Prompt
Word for word, and with pictures excluded, copy out all the records that follow.

(Collected data entries)

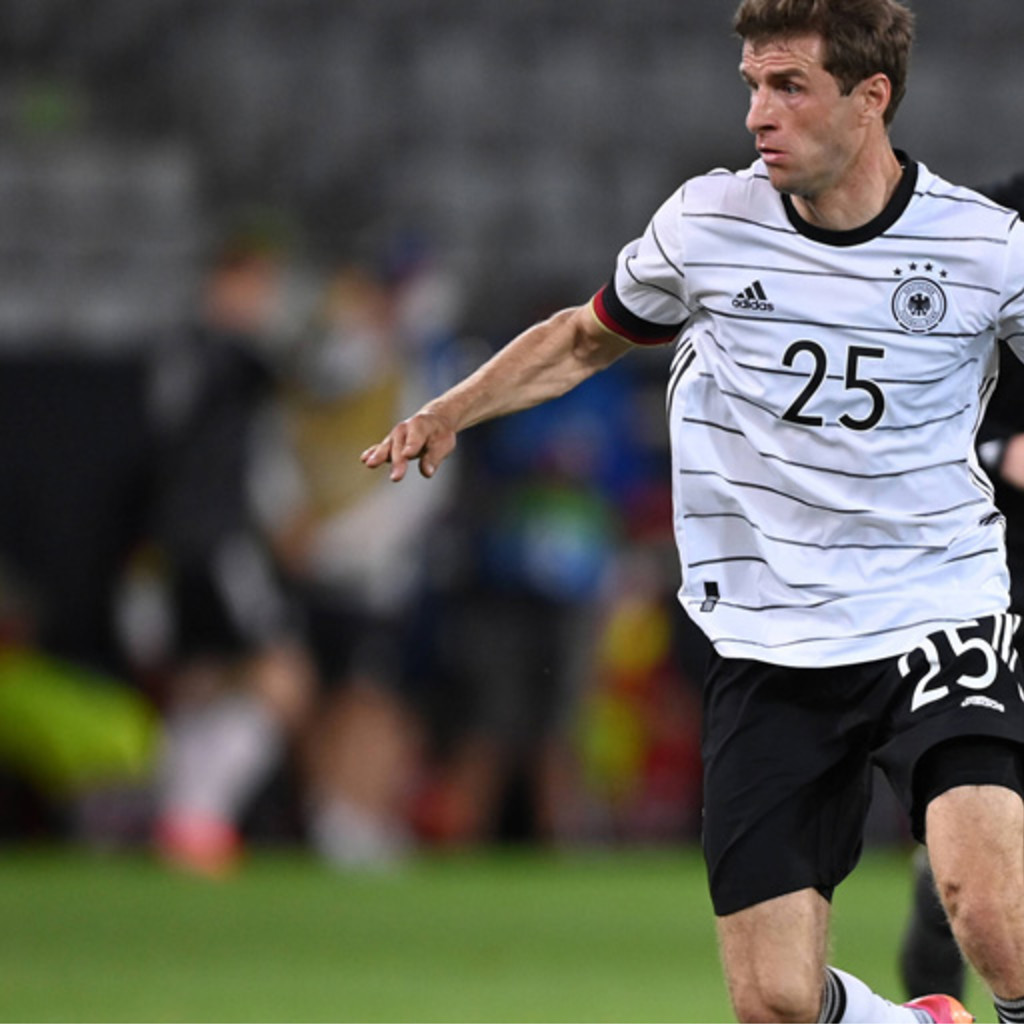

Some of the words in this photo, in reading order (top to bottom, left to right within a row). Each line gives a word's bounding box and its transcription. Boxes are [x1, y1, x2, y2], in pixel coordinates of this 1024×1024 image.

[731, 298, 775, 312] adidas
[781, 339, 885, 431] 25
[897, 619, 998, 713] 25
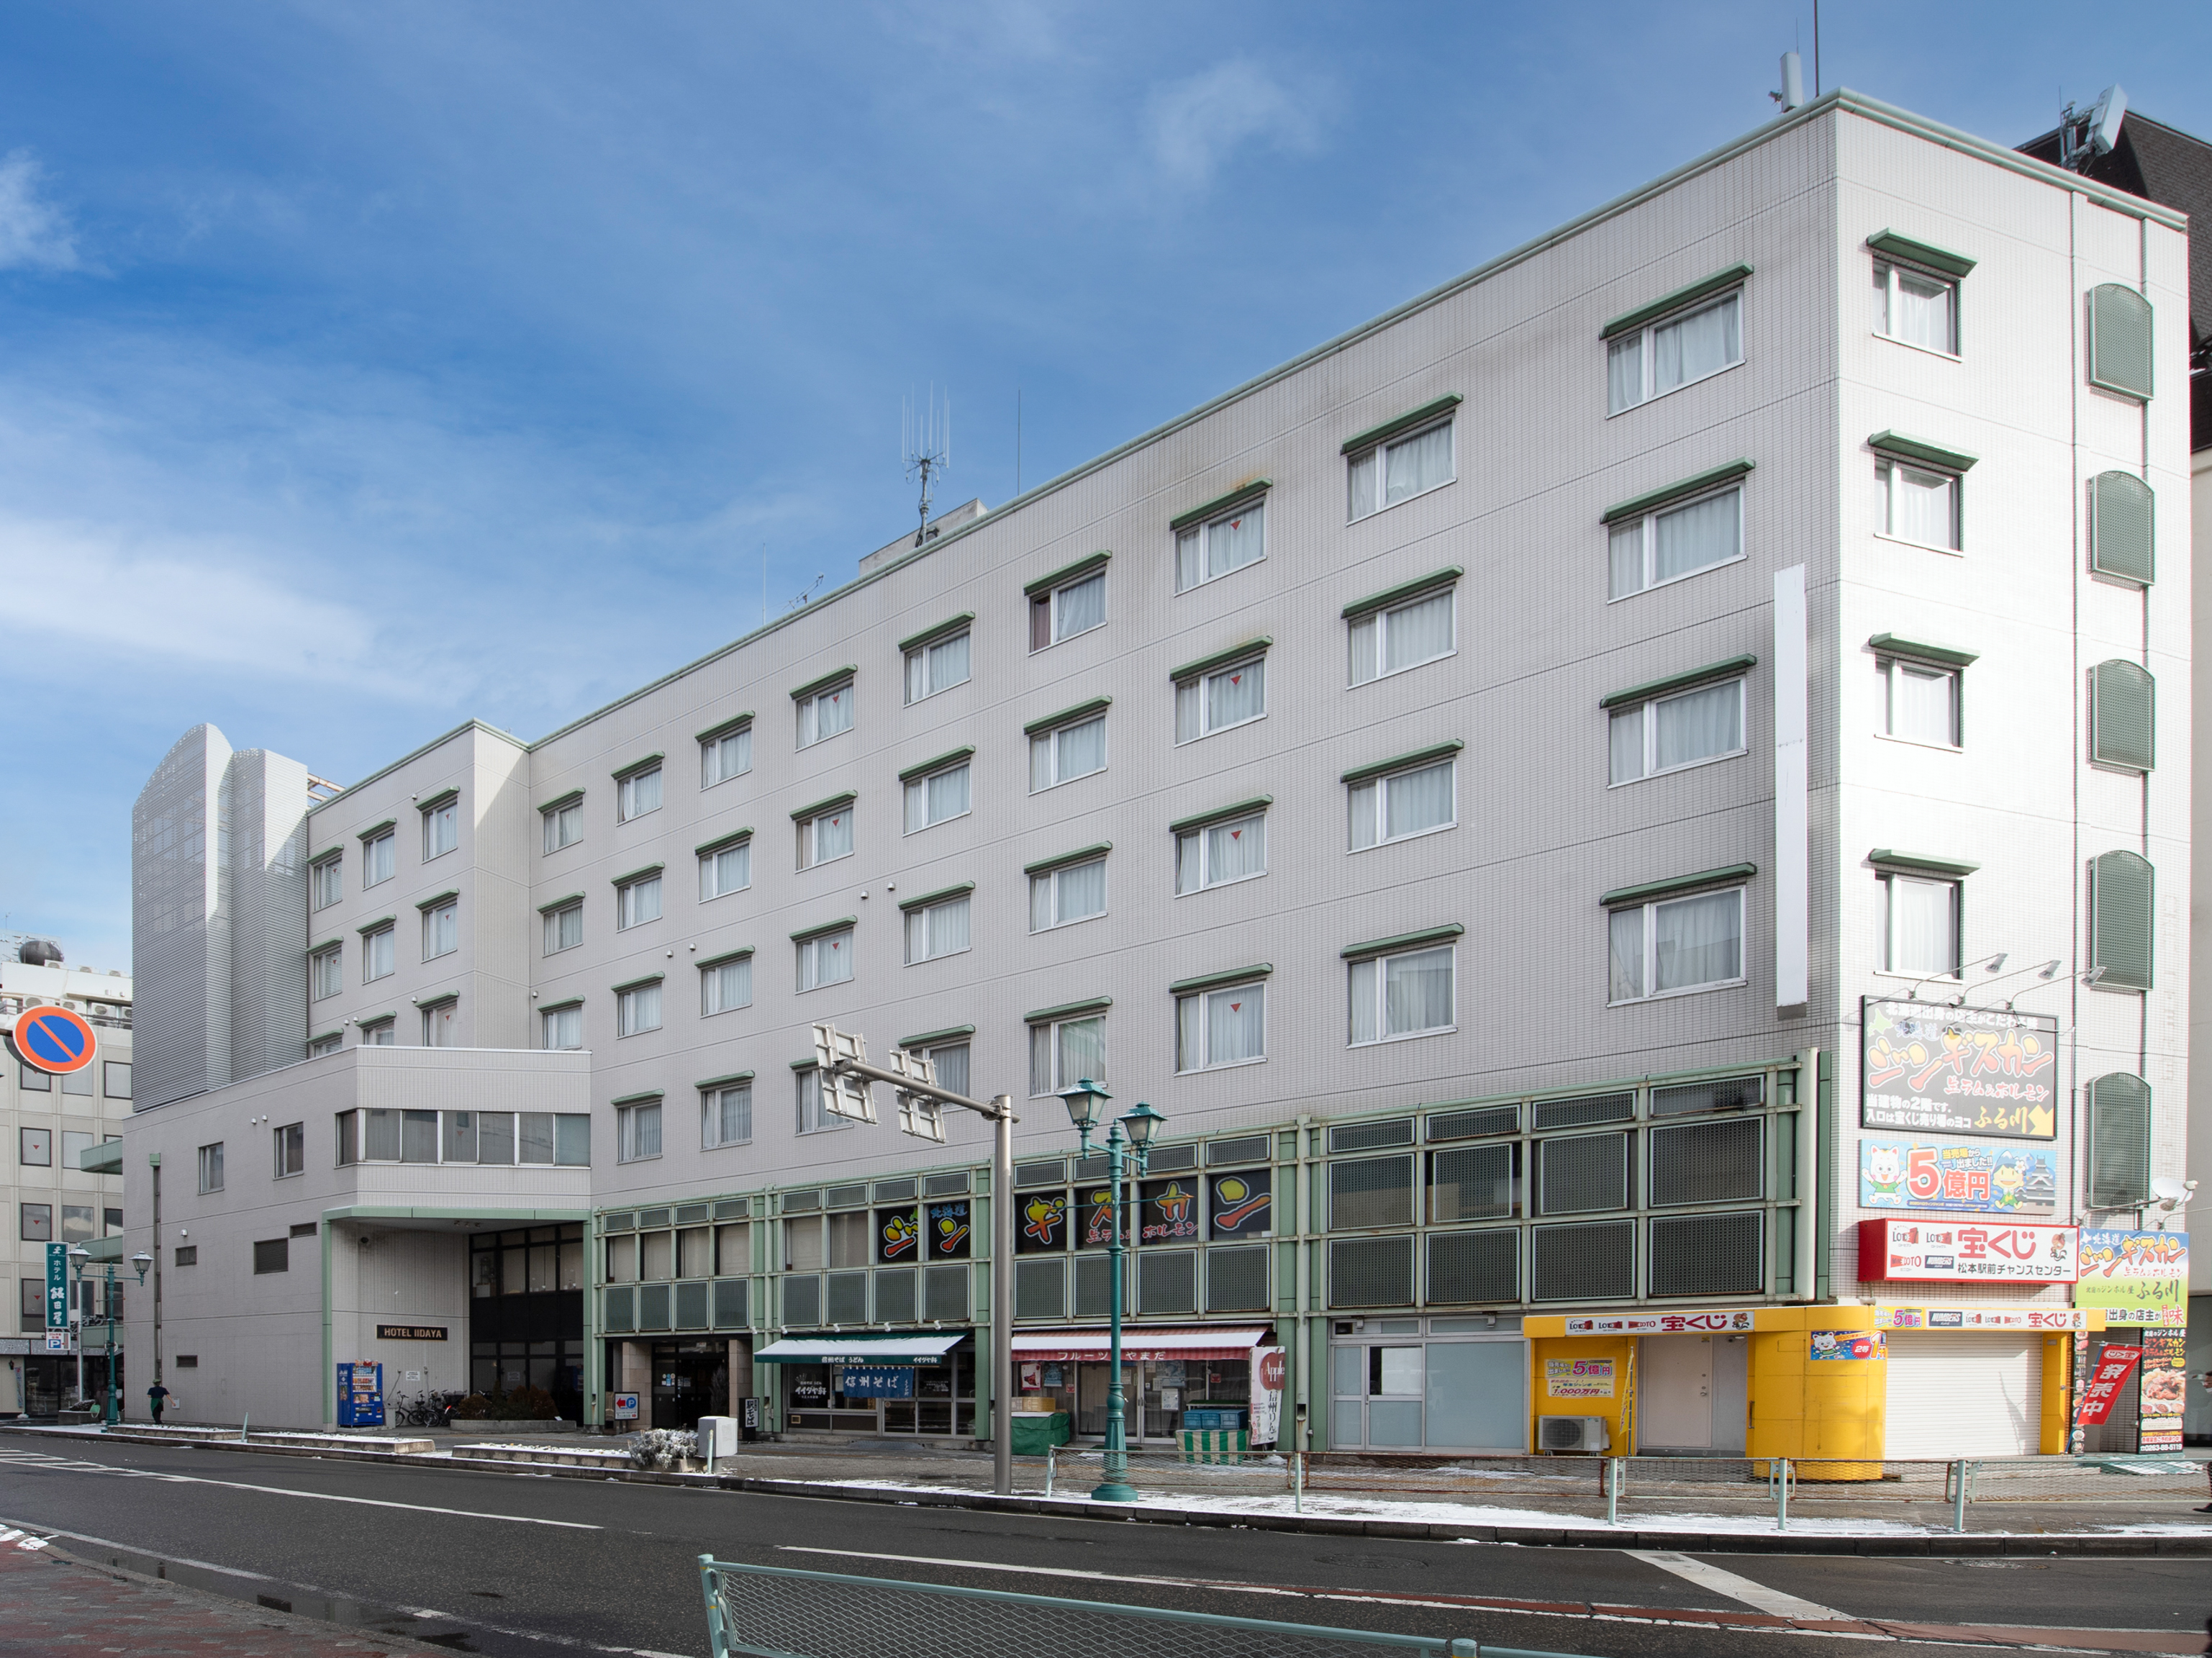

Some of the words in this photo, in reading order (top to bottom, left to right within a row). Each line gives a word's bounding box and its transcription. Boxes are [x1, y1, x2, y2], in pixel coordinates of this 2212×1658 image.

Answer for the task
Some of the words in this photo, in reading order (top to bottom, left to right within a row). Each line gives a word's bounding box and its transcription. Boxes are [x1, y1, x2, y2], in pixel coordinates of this 1024×1024 image.

[731, 298, 775, 312] adidas
[781, 339, 885, 431] 25
[897, 619, 998, 713] 25

Some of the words in this photo, in reading order (top to bottom, left to right within a row). Each line gives a word's bounding box and its transcription. Boxes are [x1, y1, x2, y2], in pixel coordinates of this 2212×1658 image.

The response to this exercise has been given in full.